Kongremize katılan Kamu-Sen Genel Başkanı Resul Akay ve Memur-Sen eski Genel Başkanı rahmetli Akif İnan, bizim bağımsız kalma isteklerimizi anlayışla karşıladılar ve bunun daha iyi olduğunu söylediler. Konfederasyonlarda, kendileri söylemeseler de siyasi bir görünüm var. Din hizmeti o siyasi yöne gitmiş gibi bir görüşe meydan vermek istemiyoruz.
Din Gör-Sen nasıl bir sendikal anlayışa sahip?
Biz ideoloji veya ücret sendikacılığı yapmıyoruz. Bizler hizmet sendikacılığına önem veriyoruz. Biz eşit işe eşit ücret diyoruz.
"Eylemlerimiz din adamı
onuruna yakışır olmalı"
Eylem ve grevlere sendikanızın bakış açısı nedir?
Eylemlerimizin din hizmetinin kutsiyetine, önemine ve onuruna zarar vermeyecek şekilde olması gerektiğine inanıyoruz. Sırf gösteri olsun diye eylem yapmayız. Ücret sendikacılığında 400 verirsin 500 ister. Zincire vurur kendini, tabuta girer. Toplantı adına yapılan böyle eylemler din görevlisine yakışmaz. Ama biz bunun dışında gayet seviyeli eylemler de yaparız. Cami kapatıp bir yere gitmeyiz. İşi yavaşlatmayız. Doktorun grev yapması insanlıkla bağdaşmaz. Veya havadaki bir pilot grev yaptım diyemez. Din hizmeti, grevi veya işi yavaşlatmayı, sarıkla cübbeyle sokağa dökülmeyi kaldırmaz. Bunlar din hizmetinin kutsiyetiyle, önemiyle ve onuruyla bağdaşmaz. Biz eylemimizi görevimizin özelliğini, hassasiyetini, onurunu düşünerek yaparız. Lojman konusunda biz Ankara'yı aradık. Hep birlikte Ankara'ya geleceğimizi ve Vakıflardan Sorumlu Bakan'ın partisi olan ANAP Genel Merkezi'ne gideceğimizi ve sorun çözülene kadar parti genel merkezinde kalacağımızı söyledik.

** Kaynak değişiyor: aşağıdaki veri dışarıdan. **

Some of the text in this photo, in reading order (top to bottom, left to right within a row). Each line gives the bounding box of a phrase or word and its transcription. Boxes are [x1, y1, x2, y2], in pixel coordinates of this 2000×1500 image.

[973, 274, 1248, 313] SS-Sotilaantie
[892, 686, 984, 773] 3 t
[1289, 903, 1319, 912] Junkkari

Bu da bir radikal eylem çeşidi değil mi?
Bunu yapacaktık. Neden yapacaktık? İşgalci olarak mahkemeye verilen yüzlerce din görevlisinin mahkemesi bitmek üzere. Bunların maaşlarına, evlerine haciz gelecekti. Sorunu çözmek kolay. Vakıflar kanunu bu yerlerin idaresi noktasında karar alır ve lojman yönetmeliği uygulanırsa çözüm zor değil.
YATSIYA KADAR GÖREVDEYİZ
Din Gör-Sen Başkanı Yıldız: Öğretmenler 300-350 milyon maaş alır. Günde 5-6 saat derse girer. Cumartesi, pazar tatil yapar. Resmi ve dini bayramı var. Ben sabah namazından yatsıya kadar görev yerindeyim. Buna rağmen, öğretmen kardeşimden 150 milyon daha az maaş alıyorum. Onlar örgün eğitim, biz yaygın eğitim veriyoruz. Dolayısıyla mali, idari ve hukuki yönden ihmal edildiğimizi düşünüyoruz.
SEVİYELİ EYLEM YAPARIZ
Sırf gösteri olsun diye eylem yapmayız. Ücret sendikacılığında 400 verirsin, 500 ister. Zincire vurur kendini, tabuta girer. Böyle eylemler din görevlilerine yakışmaz. Siz de görseniz kızarsınız, yani böyle bir eylemi uygun görmezsiniz. Ama biz gayet seviyeli eylemler de yaparız. Cami kapatıp bir yere gitmeyiz. İşi yavaşlatmayız. Din hizmetinde grev veya iş yavaşlatma olmaz, sarıkla cübbeyle sokağa dökülmek olmaz.